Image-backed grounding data

<<<<

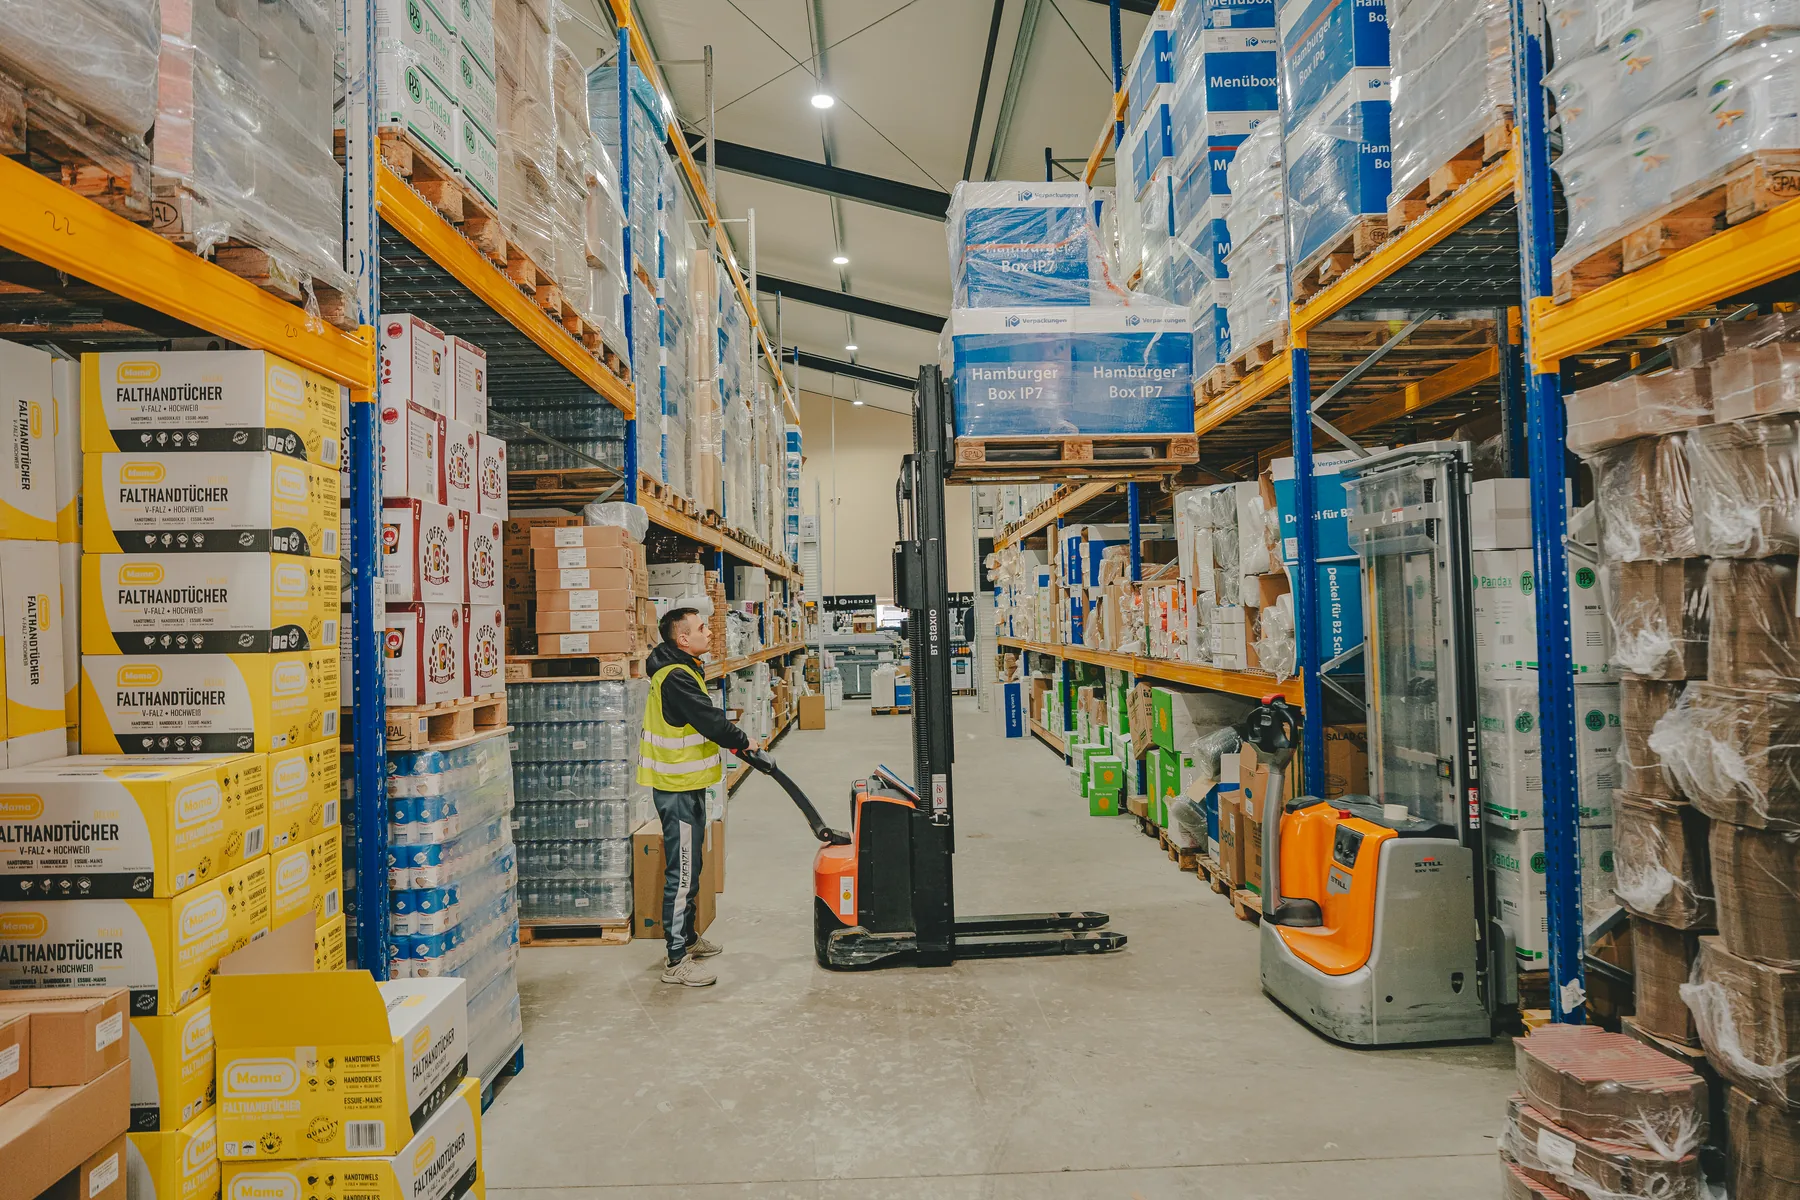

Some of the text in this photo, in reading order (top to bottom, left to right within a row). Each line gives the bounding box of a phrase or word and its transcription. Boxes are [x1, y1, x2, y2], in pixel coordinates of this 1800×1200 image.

[425, 20, 450, 58] Pandax
[1292, 16, 1332, 71] Hamburger
[1210, 74, 1276, 88] Menübox
[1299, 64, 1312, 86] Box
[425, 88, 451, 126] Pandax
[1375, 158, 1390, 168] Bo
[1002, 260, 1056, 272] Box IP7
[1022, 318, 1068, 326] Verpackungen
[284, 323, 298, 338] 20
[972, 366, 1058, 383] Hamburger
[1094, 366, 1178, 382] Hamburger
[116, 384, 222, 402] FALTHANDTÜCHER
[988, 386, 1043, 400] Box IP7
[1109, 386, 1163, 398] Box IP7
[18, 400, 32, 490] FALTHANDTÜCHER
[450, 442, 469, 460] COFFEE
[964, 450, 982, 458] EPAL
[484, 456, 500, 472] COFFEE
[120, 484, 228, 502] FALTHANDTÜCHER
[415, 504, 420, 514] 7
[1322, 508, 1338, 520] für
[464, 514, 468, 524] 7
[426, 526, 448, 548] COFFEE
[474, 535, 494, 554] COFFEE
[1482, 576, 1512, 587] Pandax
[118, 586, 228, 604] FALTHANDTÜCHER
[1327, 568, 1342, 634] Deckel für B2
[144, 607, 165, 615] V-FALZ
[418, 606, 422, 618] 7
[464, 608, 468, 618] 7
[431, 625, 454, 645] COFFEE
[476, 624, 496, 642] COFFEE
[27, 596, 40, 686] FALTHANDTÜCHER
[930, 646, 938, 656] BT
[125, 672, 154, 680] Mama
[116, 688, 226, 706] FALTHANDTÜCHER
[142, 709, 164, 717] V-FALZ
[386, 726, 404, 736] PAL
[1326, 732, 1356, 741] SALAD
[1466, 720, 1476, 780] STILL
[0, 820, 118, 843] ALTHANDTÜCHER
[20, 846, 44, 855] V-FALZ
[680, 846, 689, 888] MCKENZIE
[1330, 876, 1348, 890] STILL
[0, 939, 122, 962] ALTHANDTÜCHER
[22, 964, 94, 974] V-FALZ HOCHWEIß
[412, 1028, 455, 1082] FALTHANDTÜCHER
[236, 1072, 285, 1084] Mama
[344, 1076, 382, 1084] HANDDOEKJES
[222, 1098, 301, 1114] FALTHANDTÜCHER
[344, 1096, 382, 1105] ESSUIE-MAINS
[306, 1120, 339, 1138] QUALITY
[413, 1132, 466, 1198] FALTHANDTÜCHER
[241, 1186, 286, 1198] Mama
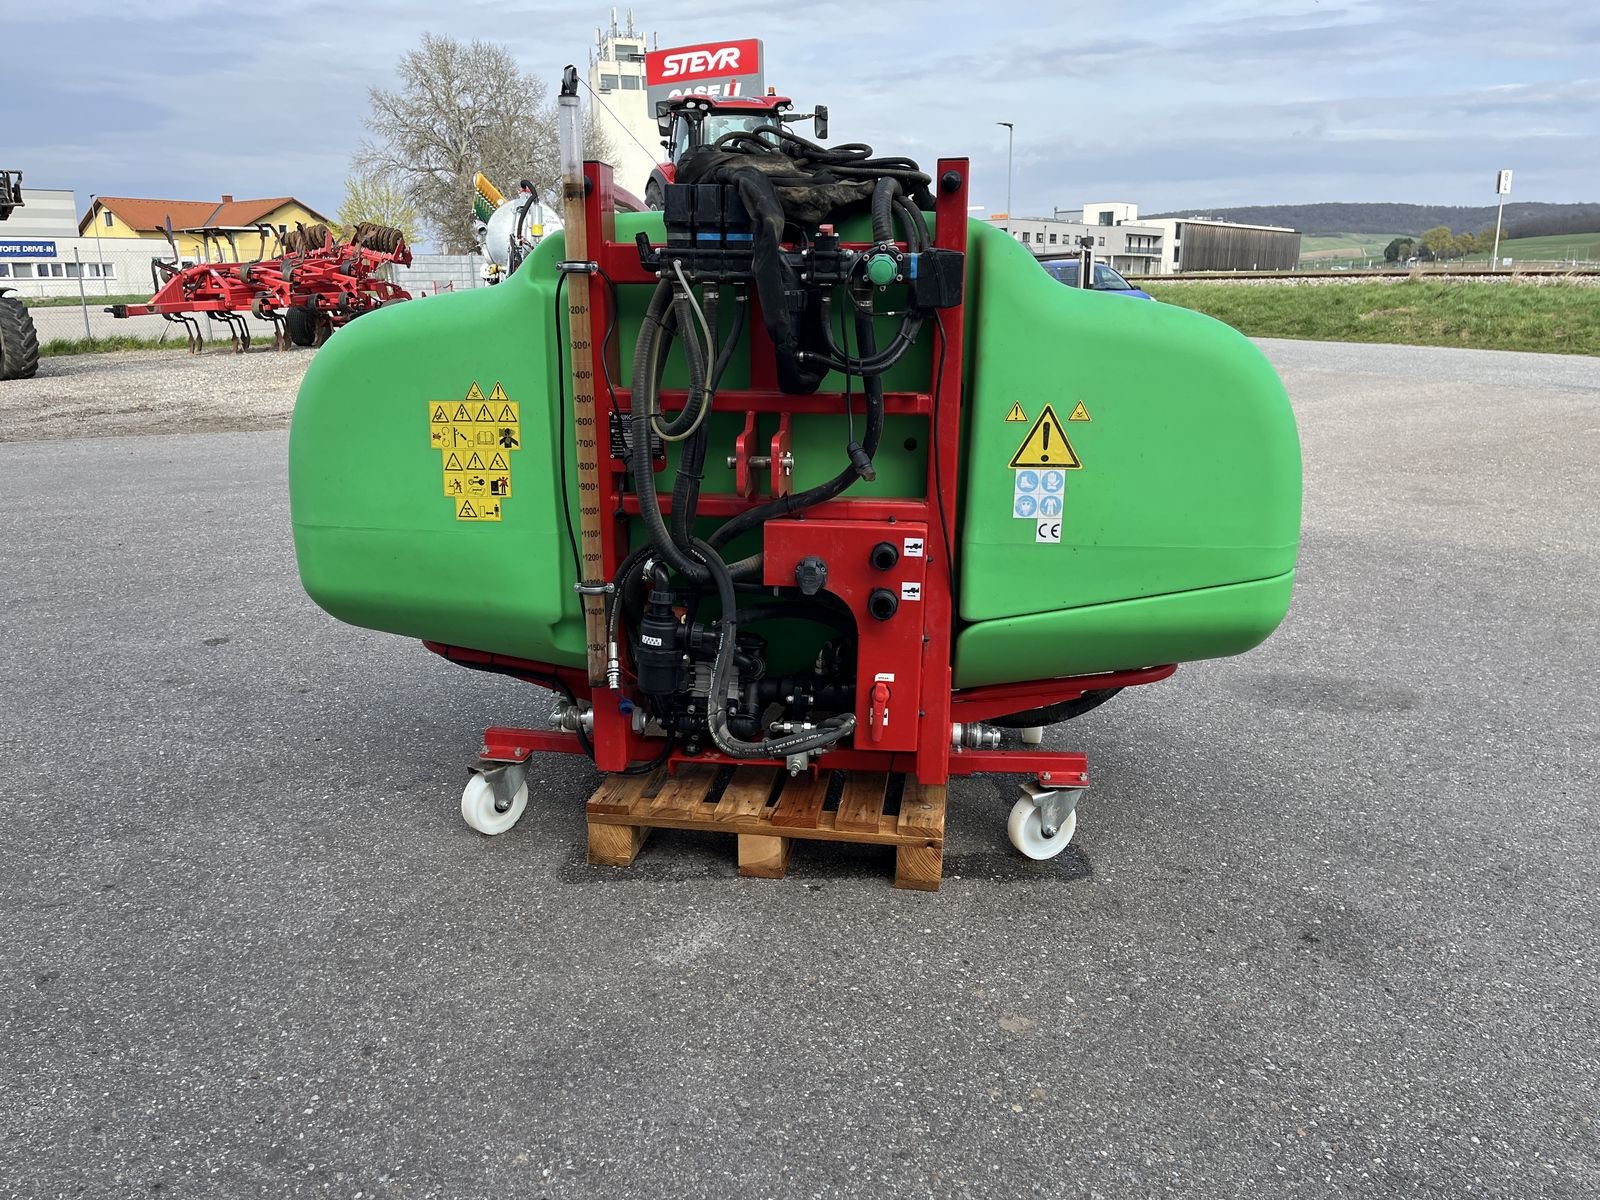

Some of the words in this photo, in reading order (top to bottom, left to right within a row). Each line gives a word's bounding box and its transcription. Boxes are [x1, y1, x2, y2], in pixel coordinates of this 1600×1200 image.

>>>>

What this task involves
Exactly as written above, print every record, and keep the pictures out.

Result of the exercise
Some of the text in this photo, in reading order (top to bottom, left to right within a row). Each line gives the bounding box of a phrase or word and its transcription. Boxes are [x1, y1, x2, y2], in pixel coordinates of this 1800×1200 image.

[425, 20, 450, 58] Pandax
[1292, 16, 1332, 71] Hamburger
[1210, 74, 1276, 88] Menübox
[1299, 64, 1312, 86] Box
[425, 88, 451, 126] Pandax
[1375, 158, 1390, 168] Bo
[1002, 260, 1056, 272] Box IP7
[1022, 318, 1068, 326] Verpackungen
[284, 323, 298, 338] 20
[972, 366, 1058, 383] Hamburger
[1094, 366, 1178, 382] Hamburger
[116, 384, 222, 402] FALTHANDTÜCHER
[988, 386, 1043, 400] Box IP7
[1109, 386, 1163, 398] Box IP7
[18, 400, 32, 490] FALTHANDTÜCHER
[450, 442, 469, 460] COFFEE
[964, 450, 982, 458] EPAL
[484, 456, 500, 472] COFFEE
[120, 484, 228, 502] FALTHANDTÜCHER
[415, 504, 420, 514] 7
[1322, 508, 1338, 520] für
[464, 514, 468, 524] 7
[426, 526, 448, 548] COFFEE
[474, 535, 494, 554] COFFEE
[1482, 576, 1512, 587] Pandax
[118, 586, 228, 604] FALTHANDTÜCHER
[1327, 568, 1342, 634] Deckel für B2
[144, 607, 165, 615] V-FALZ
[418, 606, 422, 618] 7
[464, 608, 468, 618] 7
[431, 625, 454, 645] COFFEE
[476, 624, 496, 642] COFFEE
[27, 596, 40, 686] FALTHANDTÜCHER
[930, 646, 938, 656] BT
[125, 672, 154, 680] Mama
[116, 688, 226, 706] FALTHANDTÜCHER
[142, 709, 164, 717] V-FALZ
[386, 726, 404, 736] PAL
[1326, 732, 1356, 741] SALAD
[1466, 720, 1476, 780] STILL
[0, 820, 118, 843] ALTHANDTÜCHER
[20, 846, 44, 855] V-FALZ
[680, 846, 689, 888] MCKENZIE
[1330, 876, 1348, 890] STILL
[0, 939, 122, 962] ALTHANDTÜCHER
[22, 964, 94, 974] V-FALZ HOCHWEIß
[412, 1028, 455, 1082] FALTHANDTÜCHER
[236, 1072, 285, 1084] Mama
[344, 1076, 382, 1084] HANDDOEKJES
[222, 1098, 301, 1114] FALTHANDTÜCHER
[344, 1096, 382, 1105] ESSUIE-MAINS
[306, 1120, 339, 1138] QUALITY
[413, 1132, 466, 1198] FALTHANDTÜCHER
[241, 1186, 286, 1198] Mama

Some of the words in this photo, in reading order (top to bottom, left to right within a row). Each line gives a word's bounding box and its transcription. Boxes are [x1, y1, x2, y2], in pixel coordinates of this 1600×1200 image.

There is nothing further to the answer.